▸ Work instruction
Set every entry down again exactly, excluding any pictures.

[Entries taken from a collection]
****
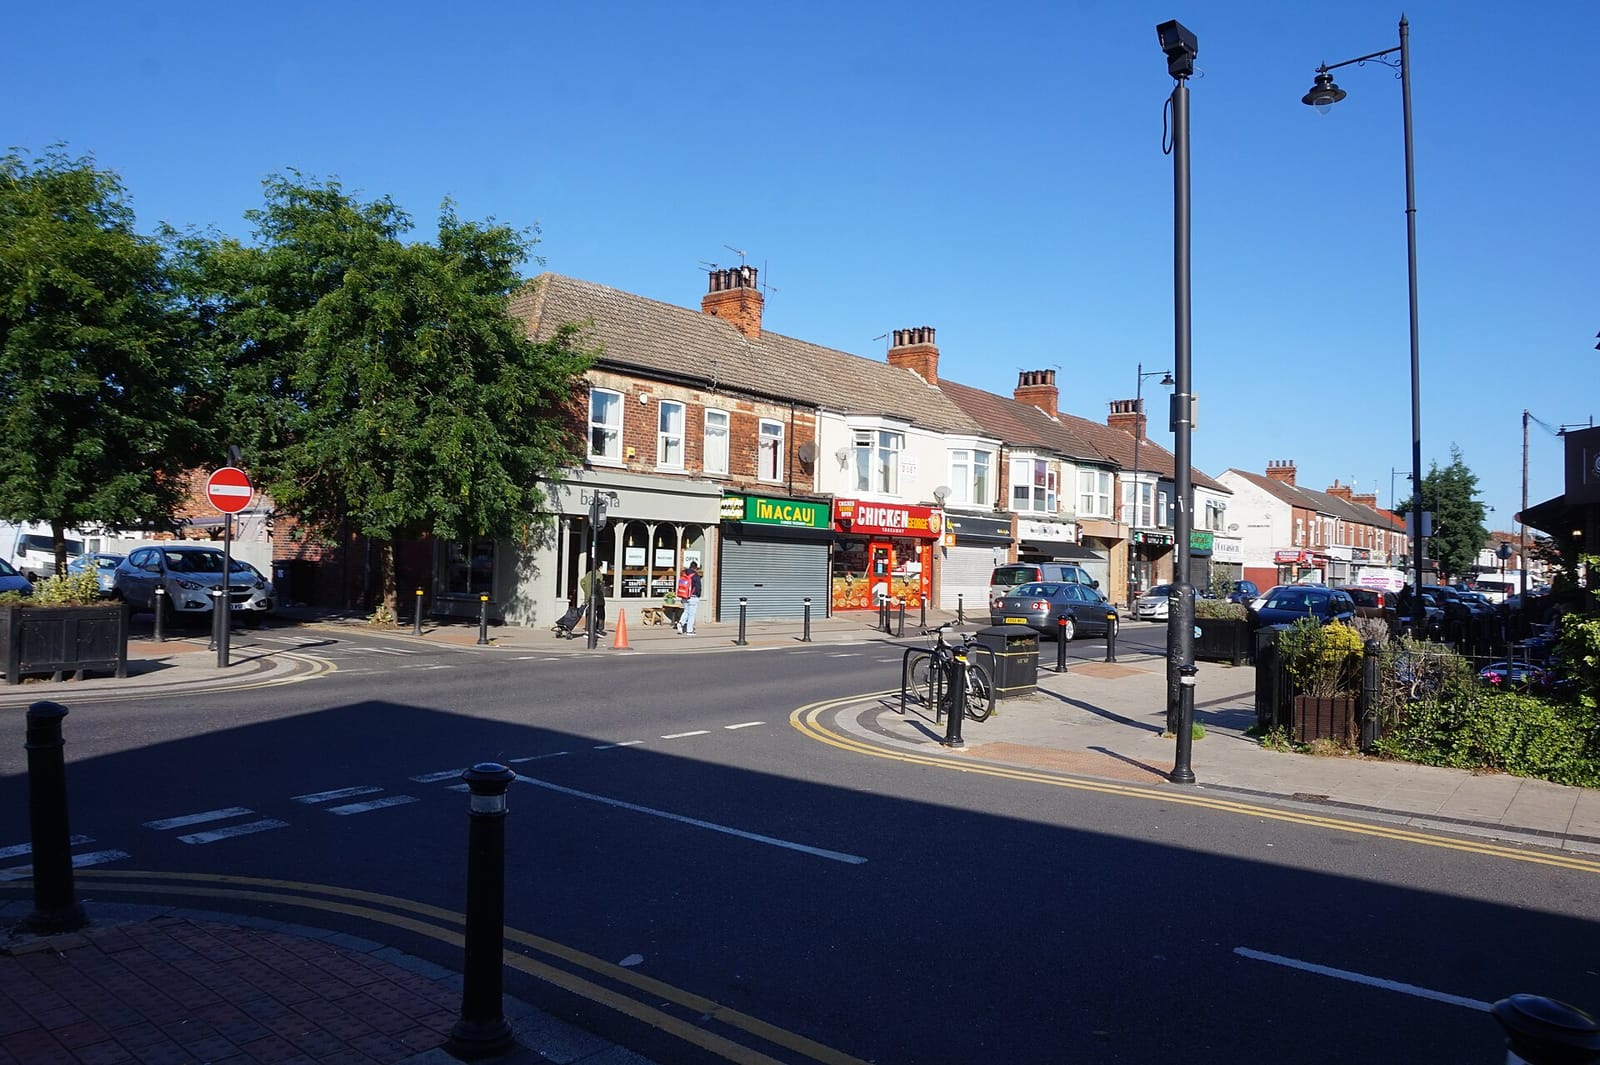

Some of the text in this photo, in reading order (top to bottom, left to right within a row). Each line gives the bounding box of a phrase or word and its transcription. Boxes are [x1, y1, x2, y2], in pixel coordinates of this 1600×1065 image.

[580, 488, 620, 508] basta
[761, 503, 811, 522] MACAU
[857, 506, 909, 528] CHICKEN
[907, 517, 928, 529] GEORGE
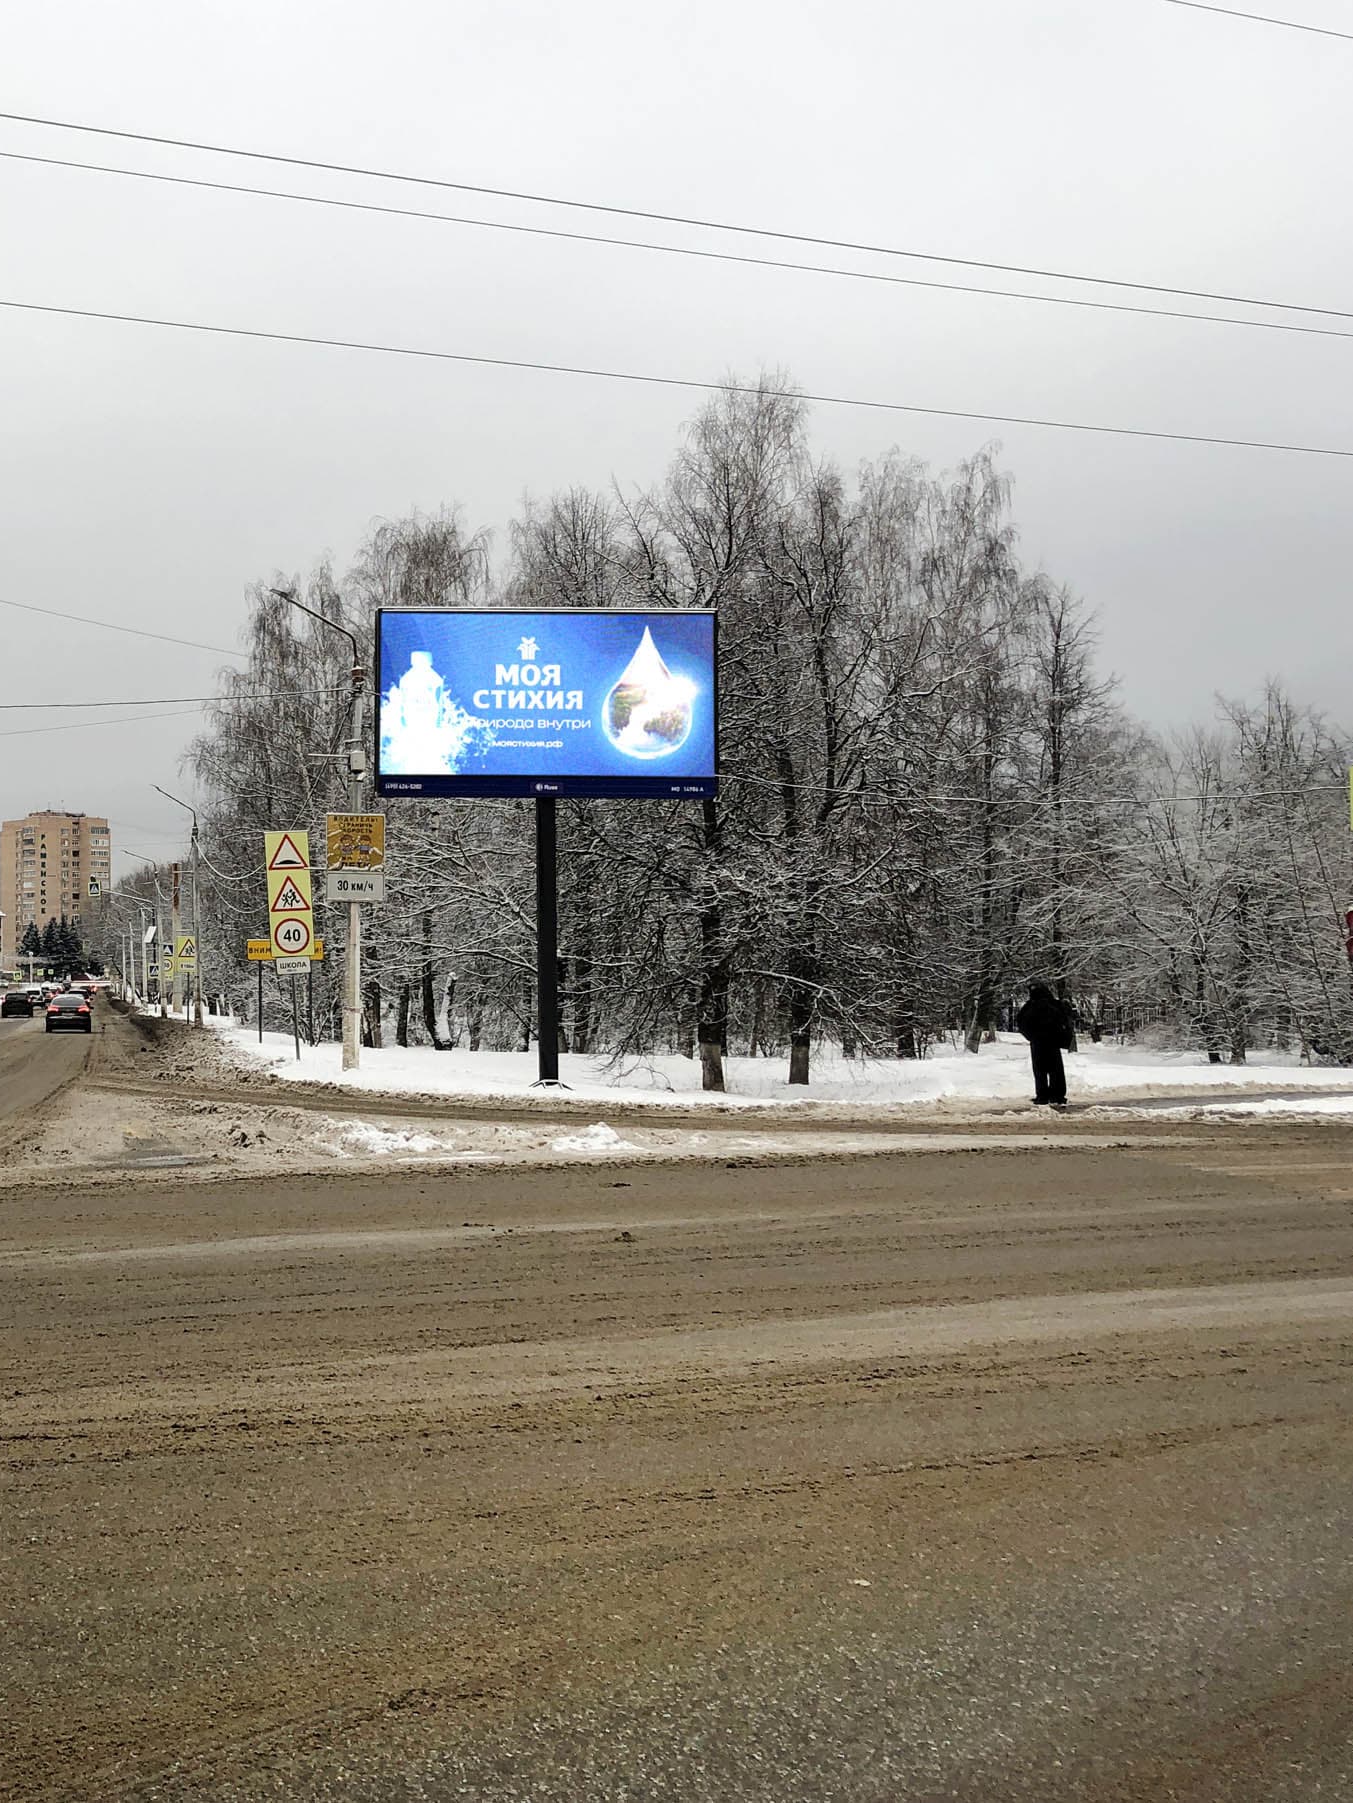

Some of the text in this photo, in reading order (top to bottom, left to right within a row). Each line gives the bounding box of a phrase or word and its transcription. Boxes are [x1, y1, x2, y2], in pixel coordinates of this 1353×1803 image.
****
▸ Solved problem
Some of the text in this photo, in reading order (top to bottom, left to right within a row). Each line gives the bounding box of a phrase or word and its transcription. Boxes are [x1, y1, x2, y2], in pixel coordinates of this 1600×1065 image.

[580, 488, 620, 508] basta
[761, 503, 811, 522] MACAU
[857, 506, 909, 528] CHICKEN
[907, 517, 928, 529] GEORGE

Some of the text in this photo, in reading order (top to bottom, left to right within a row). Each line gives the bounding box of a phrase or word and its transcription. Boxes are [x1, y1, x2, y2], in pixel coordinates of this 1353×1803 image.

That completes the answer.